**Description of the task:** Each entry below should appear again exactly as written, without pictures.

[Dataset entries]
↓↓↓
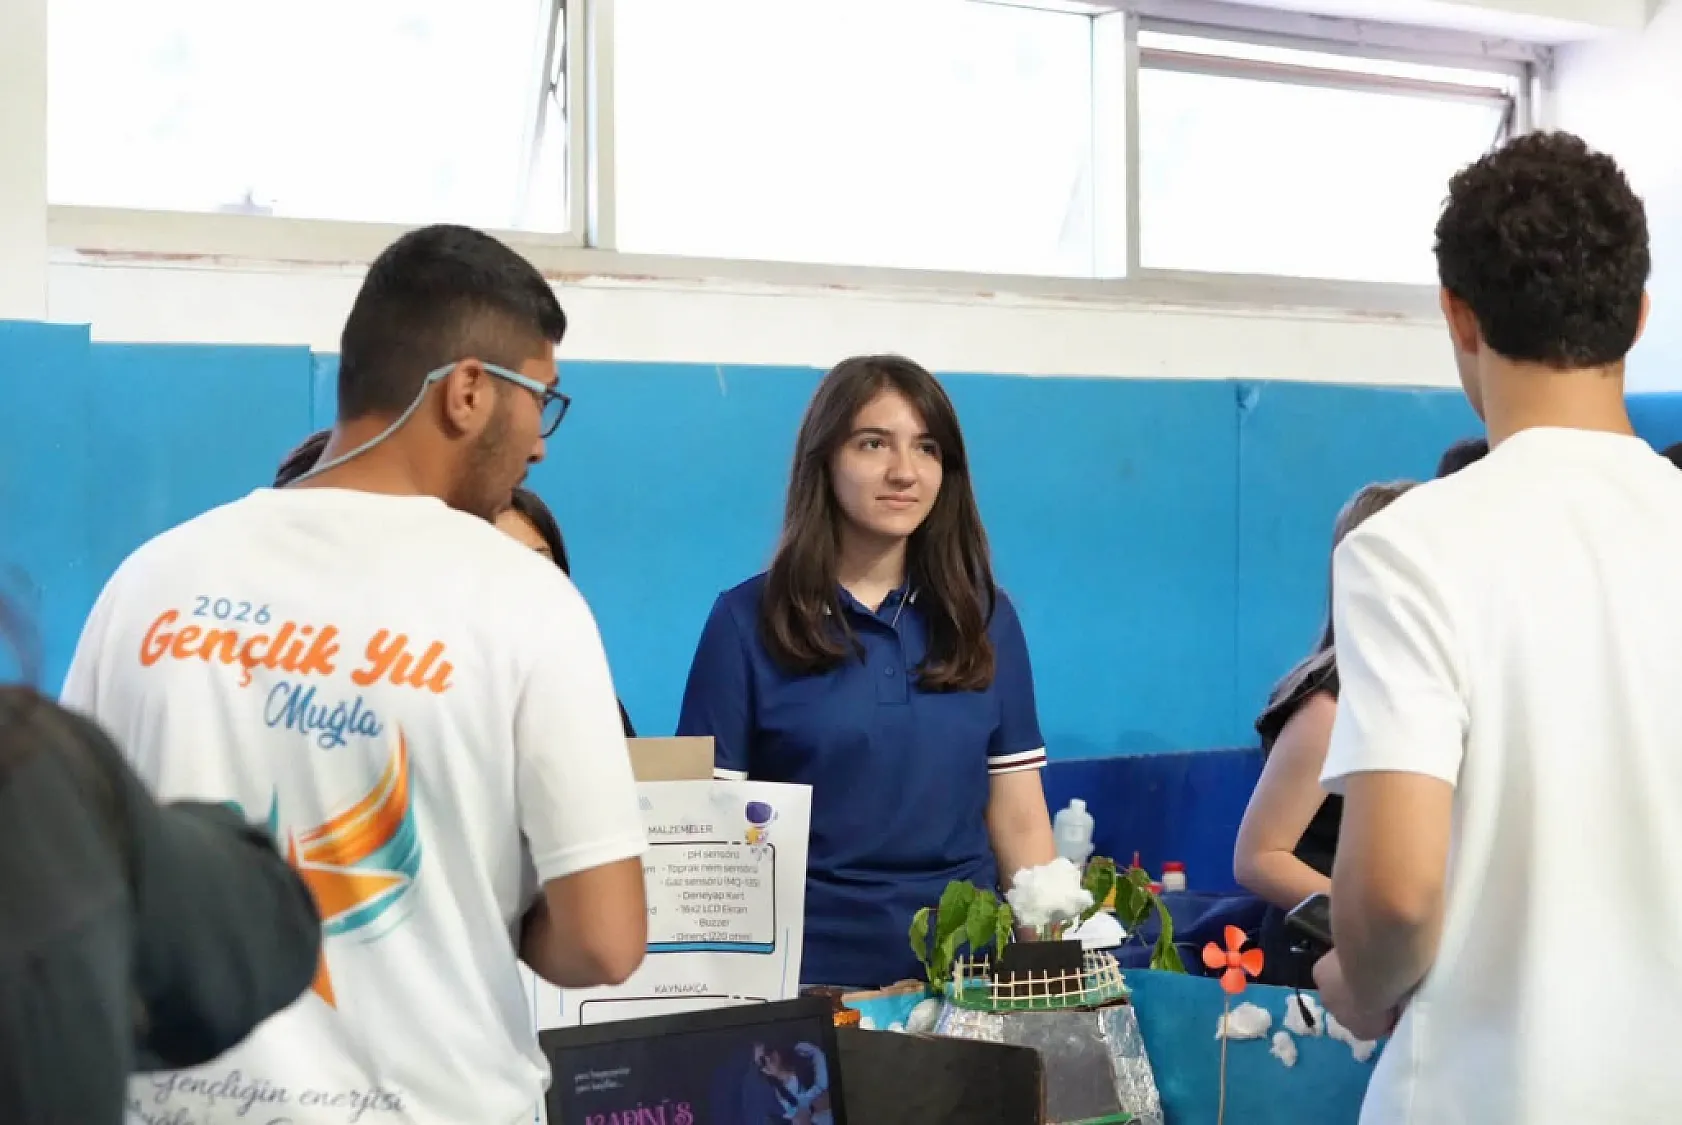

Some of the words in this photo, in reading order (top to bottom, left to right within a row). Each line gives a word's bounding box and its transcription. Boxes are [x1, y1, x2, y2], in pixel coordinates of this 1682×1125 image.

[193, 596, 271, 624] 2026
[139, 608, 341, 688] Gençlik
[350, 627, 454, 693] Yılı
[264, 680, 385, 750] Muğla
[648, 825, 714, 834] MALZEMELER
[699, 918, 730, 927] Buzzer
[654, 983, 709, 994] KAYNAKÇA
↑↑↑
**Your response:**
Some of the words in this photo, in reading order (top to bottom, left to right within a row). Each line gives a word's bounding box and its transcription. Boxes are [x1, y1, x2, y2], in pixel coordinates of this 1682×1125 image.

[193, 596, 271, 624] 2026
[139, 608, 341, 688] Gençlik
[350, 627, 454, 693] Yılı
[264, 680, 385, 750] Muğla
[648, 825, 714, 834] MALZEMELER
[699, 918, 730, 927] Buzzer
[654, 983, 709, 994] KAYNAKÇA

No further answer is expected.